***** MATERIAL FOR THIS TASK

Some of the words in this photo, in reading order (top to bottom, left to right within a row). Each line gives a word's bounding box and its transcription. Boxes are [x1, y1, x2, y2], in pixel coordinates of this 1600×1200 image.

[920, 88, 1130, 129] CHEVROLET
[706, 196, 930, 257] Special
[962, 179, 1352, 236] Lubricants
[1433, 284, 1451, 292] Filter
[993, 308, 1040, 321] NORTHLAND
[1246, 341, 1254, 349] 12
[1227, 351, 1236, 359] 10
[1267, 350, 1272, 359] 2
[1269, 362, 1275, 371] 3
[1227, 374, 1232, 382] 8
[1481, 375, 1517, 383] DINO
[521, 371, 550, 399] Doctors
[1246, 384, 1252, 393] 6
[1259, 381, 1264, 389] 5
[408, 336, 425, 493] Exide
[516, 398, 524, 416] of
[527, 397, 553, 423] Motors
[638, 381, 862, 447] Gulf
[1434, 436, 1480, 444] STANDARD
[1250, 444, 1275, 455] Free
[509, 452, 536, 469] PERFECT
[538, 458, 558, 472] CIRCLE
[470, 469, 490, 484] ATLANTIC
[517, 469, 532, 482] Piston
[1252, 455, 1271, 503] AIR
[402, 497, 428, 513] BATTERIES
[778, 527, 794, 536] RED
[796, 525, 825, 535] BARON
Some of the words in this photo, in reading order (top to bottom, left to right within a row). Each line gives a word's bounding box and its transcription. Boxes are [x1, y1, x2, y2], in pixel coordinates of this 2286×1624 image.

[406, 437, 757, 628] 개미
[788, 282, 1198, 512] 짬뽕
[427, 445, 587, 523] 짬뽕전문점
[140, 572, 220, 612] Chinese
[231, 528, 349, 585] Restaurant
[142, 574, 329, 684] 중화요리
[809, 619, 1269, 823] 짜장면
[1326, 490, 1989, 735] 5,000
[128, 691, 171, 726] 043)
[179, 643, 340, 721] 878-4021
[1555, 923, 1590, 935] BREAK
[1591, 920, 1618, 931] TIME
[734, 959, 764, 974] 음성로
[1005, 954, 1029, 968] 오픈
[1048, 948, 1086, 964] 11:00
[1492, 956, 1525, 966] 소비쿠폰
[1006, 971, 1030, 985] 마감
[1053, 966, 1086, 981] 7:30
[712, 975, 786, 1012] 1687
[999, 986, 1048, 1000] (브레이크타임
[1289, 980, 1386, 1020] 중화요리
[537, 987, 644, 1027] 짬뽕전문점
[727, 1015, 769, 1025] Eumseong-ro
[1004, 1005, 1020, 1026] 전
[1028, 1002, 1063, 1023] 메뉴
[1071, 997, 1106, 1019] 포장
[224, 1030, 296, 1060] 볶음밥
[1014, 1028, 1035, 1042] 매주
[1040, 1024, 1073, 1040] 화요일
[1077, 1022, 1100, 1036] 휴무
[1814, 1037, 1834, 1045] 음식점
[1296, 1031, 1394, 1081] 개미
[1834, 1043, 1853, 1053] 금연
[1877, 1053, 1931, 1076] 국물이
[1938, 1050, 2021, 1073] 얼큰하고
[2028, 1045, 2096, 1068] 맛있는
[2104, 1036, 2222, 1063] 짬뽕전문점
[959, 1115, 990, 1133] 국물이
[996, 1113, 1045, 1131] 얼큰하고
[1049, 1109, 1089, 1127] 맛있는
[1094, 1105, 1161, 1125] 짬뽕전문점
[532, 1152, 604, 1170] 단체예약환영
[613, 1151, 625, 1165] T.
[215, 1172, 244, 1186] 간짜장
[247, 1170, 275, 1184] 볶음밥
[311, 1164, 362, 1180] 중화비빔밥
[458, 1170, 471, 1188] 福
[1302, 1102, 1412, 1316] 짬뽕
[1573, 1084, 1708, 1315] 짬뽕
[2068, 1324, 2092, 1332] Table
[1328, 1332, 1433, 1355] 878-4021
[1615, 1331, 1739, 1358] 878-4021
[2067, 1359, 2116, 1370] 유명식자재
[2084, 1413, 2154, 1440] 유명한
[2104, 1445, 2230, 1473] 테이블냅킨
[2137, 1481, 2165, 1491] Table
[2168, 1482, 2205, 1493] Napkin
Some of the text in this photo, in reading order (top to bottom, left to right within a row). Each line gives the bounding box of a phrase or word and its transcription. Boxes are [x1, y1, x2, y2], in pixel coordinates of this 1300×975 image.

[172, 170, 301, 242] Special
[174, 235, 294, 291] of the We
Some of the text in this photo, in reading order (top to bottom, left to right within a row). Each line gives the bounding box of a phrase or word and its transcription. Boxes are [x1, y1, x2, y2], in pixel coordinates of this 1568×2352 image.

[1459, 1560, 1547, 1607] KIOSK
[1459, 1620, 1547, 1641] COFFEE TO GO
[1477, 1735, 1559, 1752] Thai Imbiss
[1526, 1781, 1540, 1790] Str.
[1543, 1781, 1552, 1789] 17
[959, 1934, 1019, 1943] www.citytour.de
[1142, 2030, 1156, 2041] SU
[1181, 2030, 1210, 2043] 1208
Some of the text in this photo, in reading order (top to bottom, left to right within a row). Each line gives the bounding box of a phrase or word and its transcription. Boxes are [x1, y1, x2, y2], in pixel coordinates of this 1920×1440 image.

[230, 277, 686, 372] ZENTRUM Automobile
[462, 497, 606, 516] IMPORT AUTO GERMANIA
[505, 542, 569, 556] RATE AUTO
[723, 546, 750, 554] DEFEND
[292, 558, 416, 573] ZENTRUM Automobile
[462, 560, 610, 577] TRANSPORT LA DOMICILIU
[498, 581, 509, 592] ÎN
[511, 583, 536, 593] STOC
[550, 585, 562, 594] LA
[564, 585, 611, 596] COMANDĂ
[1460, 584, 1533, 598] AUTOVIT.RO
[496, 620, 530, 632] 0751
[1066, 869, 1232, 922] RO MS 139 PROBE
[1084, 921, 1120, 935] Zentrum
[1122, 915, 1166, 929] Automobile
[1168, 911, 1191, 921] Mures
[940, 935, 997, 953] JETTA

**********

WHAT YOU ARE ASKED TO DO
A faithful, complete copy of the entries above is required.

WRITTEN ANSWER
Some of the words in this photo, in reading order (top to bottom, left to right within a row). Each line gives a word's bounding box and its transcription. Boxes are [x1, y1, x2, y2], in pixel coordinates of this 1600×1200 image.

[920, 88, 1130, 129] CHEVROLET
[706, 196, 930, 257] Special
[962, 179, 1352, 236] Lubricants
[1433, 284, 1451, 292] Filter
[993, 308, 1040, 321] NORTHLAND
[1246, 341, 1254, 349] 12
[1227, 351, 1236, 359] 10
[1267, 350, 1272, 359] 2
[1269, 362, 1275, 371] 3
[1227, 374, 1232, 382] 8
[1481, 375, 1517, 383] DINO
[521, 371, 550, 399] Doctors
[1246, 384, 1252, 393] 6
[1259, 381, 1264, 389] 5
[408, 336, 425, 493] Exide
[516, 398, 524, 416] of
[527, 397, 553, 423] Motors
[638, 381, 862, 447] Gulf
[1434, 436, 1480, 444] STANDARD
[1250, 444, 1275, 455] Free
[509, 452, 536, 469] PERFECT
[538, 458, 558, 472] CIRCLE
[470, 469, 490, 484] ATLANTIC
[517, 469, 532, 482] Piston
[1252, 455, 1271, 503] AIR
[402, 497, 428, 513] BATTERIES
[778, 527, 794, 536] RED
[796, 525, 825, 535] BARON
Some of the words in this photo, in reading order (top to bottom, left to right within a row). Each line gives a word's bounding box and its transcription. Boxes are [x1, y1, x2, y2], in pixel coordinates of this 2286×1624 image.

[406, 437, 757, 628] 개미
[788, 282, 1198, 512] 짬뽕
[427, 445, 587, 523] 짬뽕전문점
[140, 572, 220, 612] Chinese
[231, 528, 349, 585] Restaurant
[142, 574, 329, 684] 중화요리
[809, 619, 1269, 823] 짜장면
[1326, 490, 1989, 735] 5,000
[128, 691, 171, 726] 043)
[179, 643, 340, 721] 878-4021
[1555, 923, 1590, 935] BREAK
[1591, 920, 1618, 931] TIME
[734, 959, 764, 974] 음성로
[1005, 954, 1029, 968] 오픈
[1048, 948, 1086, 964] 11:00
[1492, 956, 1525, 966] 소비쿠폰
[1006, 971, 1030, 985] 마감
[1053, 966, 1086, 981] 7:30
[712, 975, 786, 1012] 1687
[999, 986, 1048, 1000] (브레이크타임
[1289, 980, 1386, 1020] 중화요리
[537, 987, 644, 1027] 짬뽕전문점
[727, 1015, 769, 1025] Eumseong-ro
[1004, 1005, 1020, 1026] 전
[1028, 1002, 1063, 1023] 메뉴
[1071, 997, 1106, 1019] 포장
[224, 1030, 296, 1060] 볶음밥
[1014, 1028, 1035, 1042] 매주
[1040, 1024, 1073, 1040] 화요일
[1077, 1022, 1100, 1036] 휴무
[1814, 1037, 1834, 1045] 음식점
[1296, 1031, 1394, 1081] 개미
[1834, 1043, 1853, 1053] 금연
[1877, 1053, 1931, 1076] 국물이
[1938, 1050, 2021, 1073] 얼큰하고
[2028, 1045, 2096, 1068] 맛있는
[2104, 1036, 2222, 1063] 짬뽕전문점
[959, 1115, 990, 1133] 국물이
[996, 1113, 1045, 1131] 얼큰하고
[1049, 1109, 1089, 1127] 맛있는
[1094, 1105, 1161, 1125] 짬뽕전문점
[532, 1152, 604, 1170] 단체예약환영
[613, 1151, 625, 1165] T.
[215, 1172, 244, 1186] 간짜장
[247, 1170, 275, 1184] 볶음밥
[311, 1164, 362, 1180] 중화비빔밥
[458, 1170, 471, 1188] 福
[1302, 1102, 1412, 1316] 짬뽕
[1573, 1084, 1708, 1315] 짬뽕
[2068, 1324, 2092, 1332] Table
[1328, 1332, 1433, 1355] 878-4021
[1615, 1331, 1739, 1358] 878-4021
[2067, 1359, 2116, 1370] 유명식자재
[2084, 1413, 2154, 1440] 유명한
[2104, 1445, 2230, 1473] 테이블냅킨
[2137, 1481, 2165, 1491] Table
[2168, 1482, 2205, 1493] Napkin
Some of the text in this photo, in reading order (top to bottom, left to right within a row). Each line gives the bounding box of a phrase or word and its transcription. Boxes are [x1, y1, x2, y2], in pixel coordinates of this 1300×975 image.

[172, 170, 301, 242] Special
[174, 235, 294, 291] of the We
Some of the text in this photo, in reading order (top to bottom, left to right within a row). Each line gives the bounding box of a phrase or word and its transcription. Boxes are [x1, y1, x2, y2], in pixel coordinates of this 1568×2352 image.

[1459, 1560, 1547, 1607] KIOSK
[1459, 1620, 1547, 1641] COFFEE TO GO
[1477, 1735, 1559, 1752] Thai Imbiss
[1526, 1781, 1540, 1790] Str.
[1543, 1781, 1552, 1789] 17
[959, 1934, 1019, 1943] www.citytour.de
[1142, 2030, 1156, 2041] SU
[1181, 2030, 1210, 2043] 1208
Some of the text in this photo, in reading order (top to bottom, left to right within a row). Each line gives the bounding box of a phrase or word and its transcription. Boxes are [x1, y1, x2, y2], in pixel coordinates of this 1920×1440 image.

[230, 277, 686, 372] ZENTRUM Automobile
[462, 497, 606, 516] IMPORT AUTO GERMANIA
[505, 542, 569, 556] RATE AUTO
[723, 546, 750, 554] DEFEND
[292, 558, 416, 573] ZENTRUM Automobile
[462, 560, 610, 577] TRANSPORT LA DOMICILIU
[498, 581, 509, 592] ÎN
[511, 583, 536, 593] STOC
[550, 585, 562, 594] LA
[564, 585, 611, 596] COMANDĂ
[1460, 584, 1533, 598] AUTOVIT.RO
[496, 620, 530, 632] 0751
[1066, 869, 1232, 922] RO MS 139 PROBE
[1084, 921, 1120, 935] Zentrum
[1122, 915, 1166, 929] Automobile
[1168, 911, 1191, 921] Mures
[940, 935, 997, 953] JETTA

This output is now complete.